Anything contained in this subdivision to the contrary
notwithstanding, the charging of interest or discount on a loan or
discount at an office of a private banker located outside of the states
of the United States of America and the District of Columbia at a rate
allowed by the laws of the country, territory, dependency, province,
dominion, insular possession or other political subdivision where such
office is located, or the acquisition by a private banker of a part
interest or the entire interest in any loan or discount heretofore or
hereafter made by a bank or trust company or any other banking
institution at an office located outside of the states of the United
States of America and the District of Columbia, shall not be a violation
of this section.

1-a. Anything contained in this section to the contrary
notwithstanding, any private banker, in purchasing or otherwise
acquiring, any note or other evidence of debt, which has arisen out of
the sale of personal property or the performance of services on credit
and which is repayable in instalments from the payee or holder thereof,
may take, receive, reserve or charge an amount not exceeding twelve per
centum per annum, computed pursuant to this section on unpaid principal
balances, or the sum of ten dollars, whichever is the greater; provided,
however, that nothing contained in this subdivision shall authorize a
private banker to take, receive, reserve or charge upon the purchase or
other acquisition of any two or more notes or other evidences of debt,
arising out of the same transaction, an amount greater than such private
banker would be entitled to take, receive, reserve or charge if all of
such obligations constituted a single obligation. In the event that the
private banker insures, under a group insurance policy, the life of the
person primarily liable on any such obligation, or in the event that the
private banker requires insurance on personal property securing any such
obligation, the actual cost of such insurance may be added to the amount
which such private banker may take, receive, reserve or charge upon the
purchase or other acquisition of such obligation. This subdivision shall
not be in derogation of any powers, rights or privileges possessed by
any private banker prior to the effective date this subdivision.

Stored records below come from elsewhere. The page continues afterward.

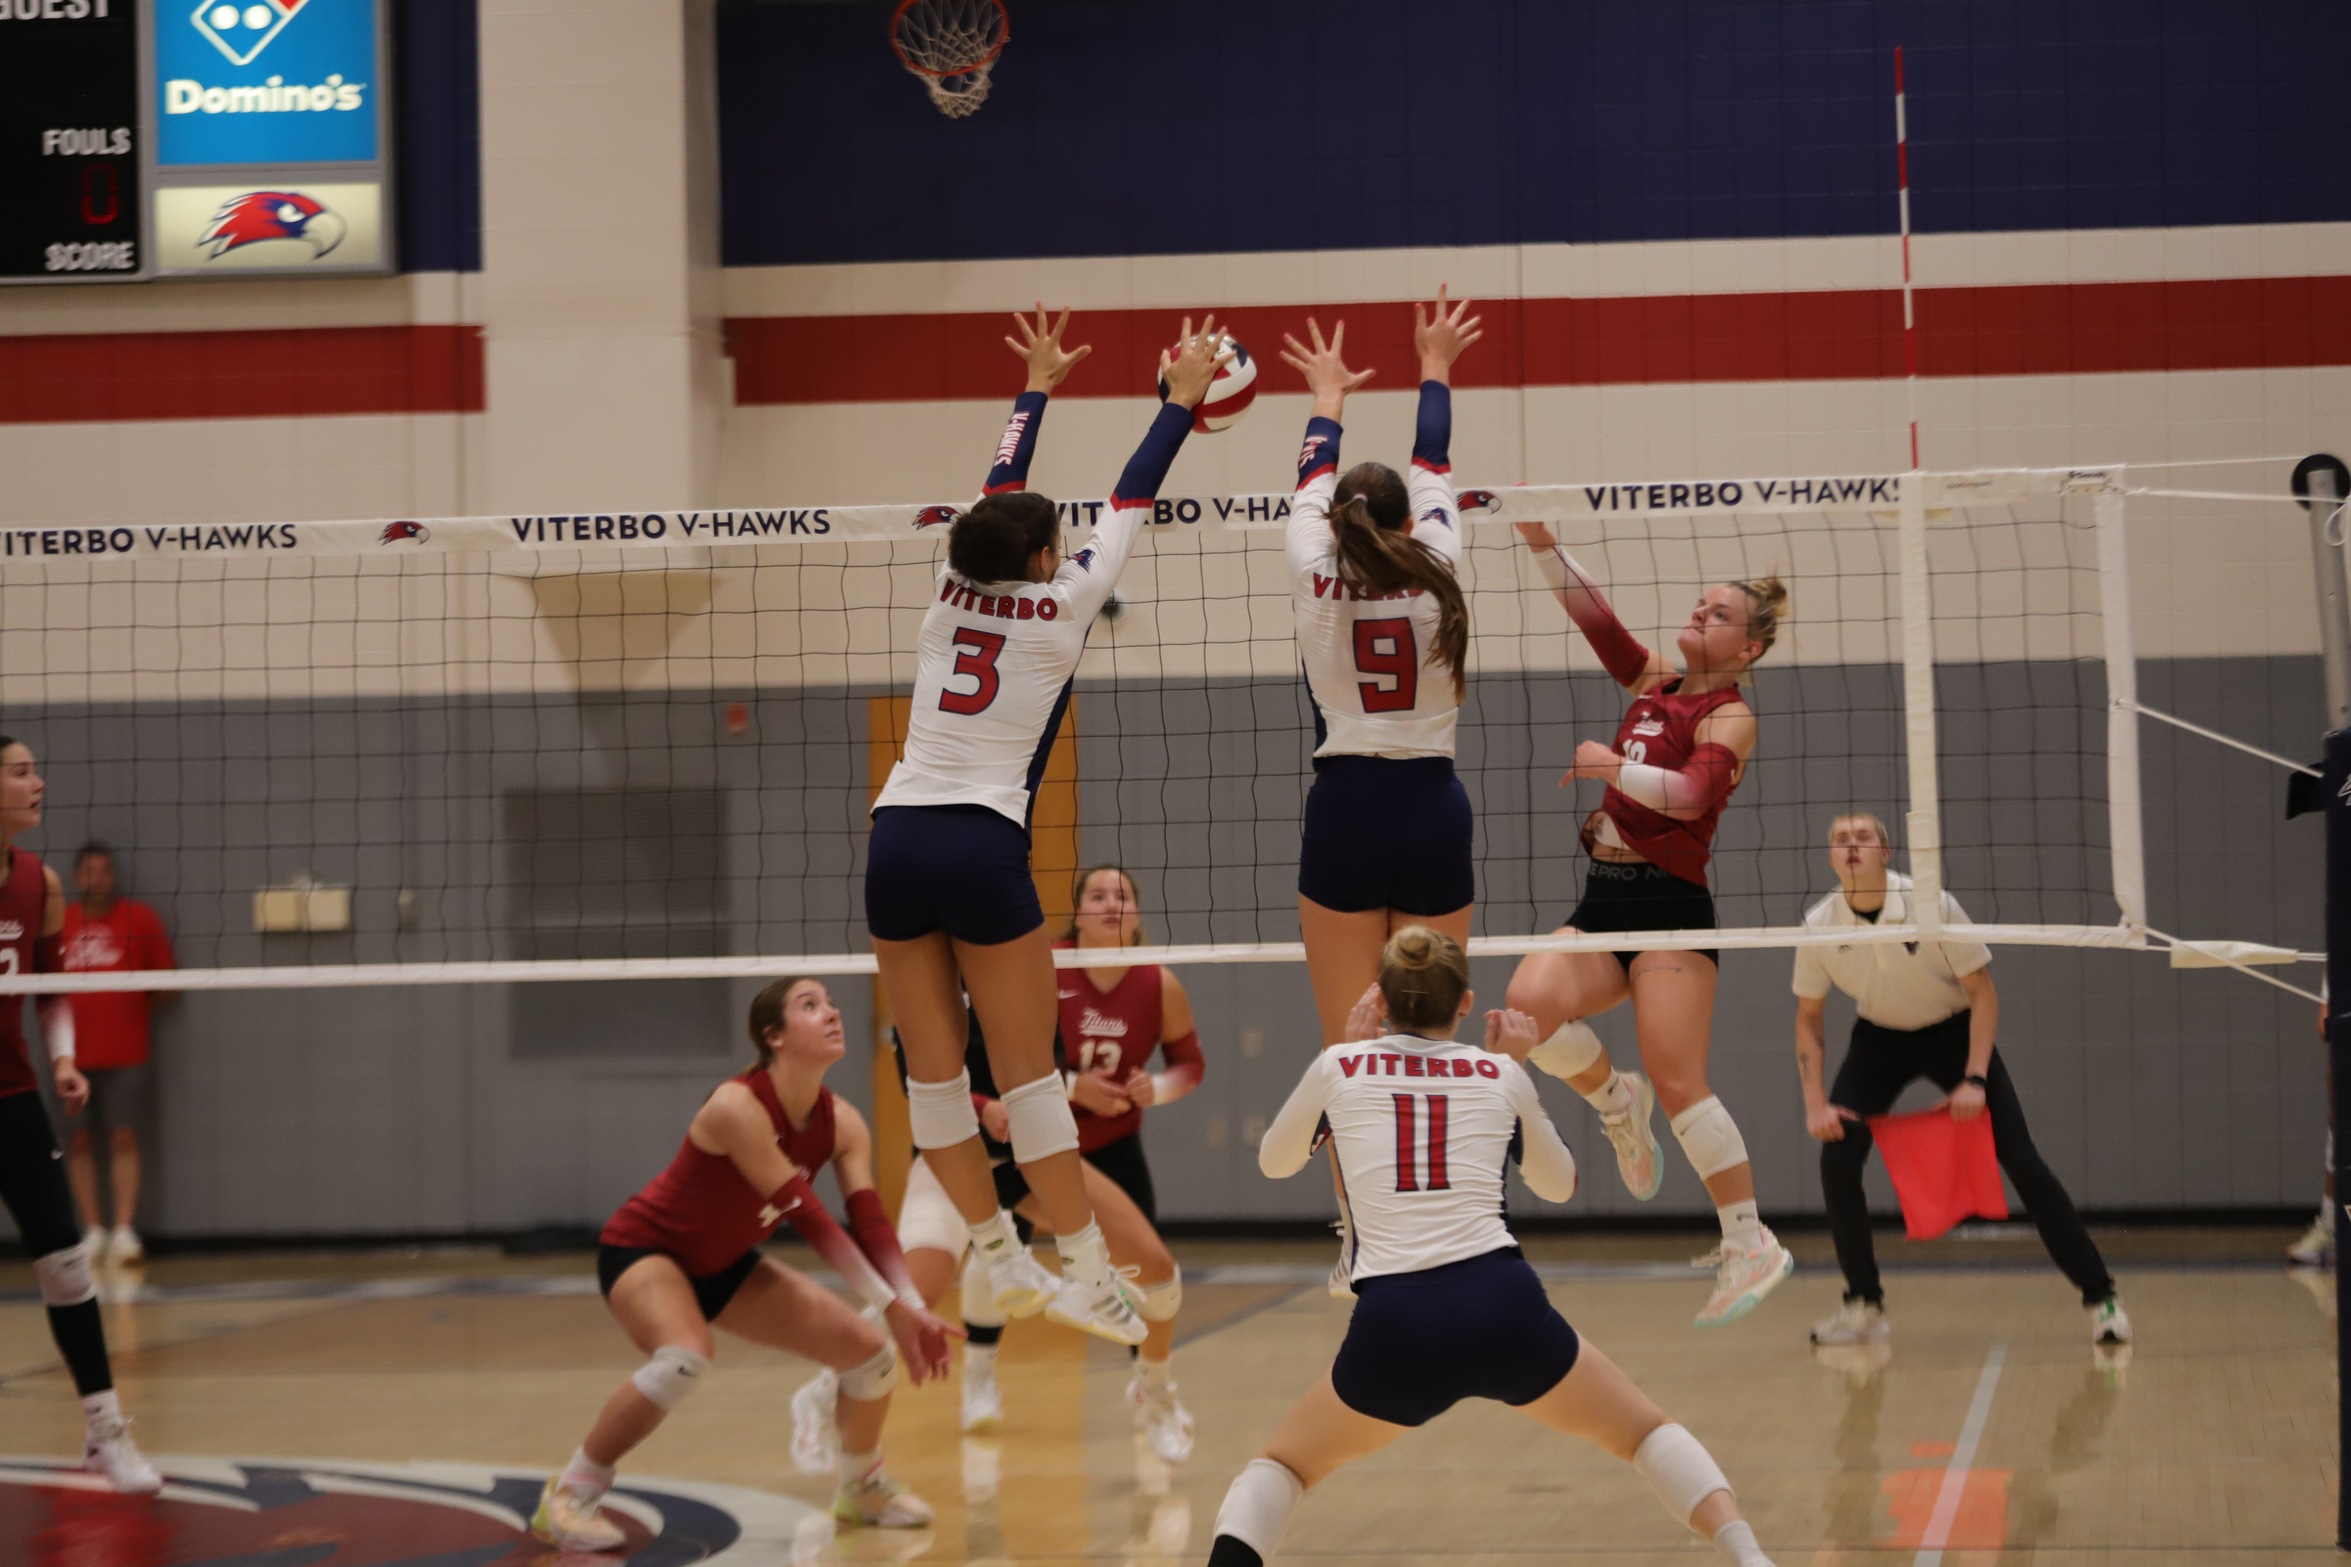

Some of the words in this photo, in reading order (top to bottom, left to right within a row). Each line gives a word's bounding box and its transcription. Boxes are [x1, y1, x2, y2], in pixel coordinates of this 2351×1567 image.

[165, 74, 367, 115] Domino's
[43, 128, 131, 156] FOULS
[45, 242, 135, 271] SCORE
[1584, 481, 1744, 511] VITERBO
[0, 527, 135, 556] ITERBO
[145, 523, 297, 550] V-HAWKS
[511, 513, 667, 543] VITERBO
[677, 508, 831, 538] V-HAWKS
[940, 577, 1058, 622] VITERBO
[937, 625, 1007, 716] 3
[1353, 616, 1418, 714] 9
[1337, 1053, 1500, 1080] VITERBO
[1391, 1093, 1451, 1192] 11

2. Upon advances of money repayable on demand to an amount not less
than five thousand dollars made upon warehouse receipts, bills of
lading, certificates of stock, certificates of deposit, bills of
exchange, bonds or other negotiable instruments, pledged as collateral
security for such repayment, a private banker may receive or contract to
receive and collect as compensation for making such advances any sum
which may be agreed upon by the parties to such transaction.

3. Upon an advance of money, whether or not repayable on demand, to an
amount not less than five thousand dollars, made upon documents of title
within article seven of the uniform commercial code or negotiable
instruments within article three or article eight of the uniform
commercial code pledged as collateral security for such repayment, any
private banker may receive or contract to receive and collect as
compensation for making such advance any sum which may be agreed upon by
the parties to such transaction; provided that such advance is (a) to or
for any partner of a firm which is a member firm of a national
securities exchange registered with the securities and exchange
commission as a national securities exchange under the federal
securities exchange act of 1934, as amended, to enable such partner to
make a contribution of capital to such firm or to purchase stock of an
affiliated corporation of such firm, provided that such partner is
actively engaged in the business of such firm and devotes the major
portion of his time thereto, or (b) to or for any person who is or will
become a holder of stock of a corporation which is a member corporation
of such a national securities exchange to enable such person to purchase
stock of such corporation or to purchase stock of an affiliated
corporation of such corporation, provided that such person is actively
engaged in the business of such corporation and devotes the major
portion of his time thereto.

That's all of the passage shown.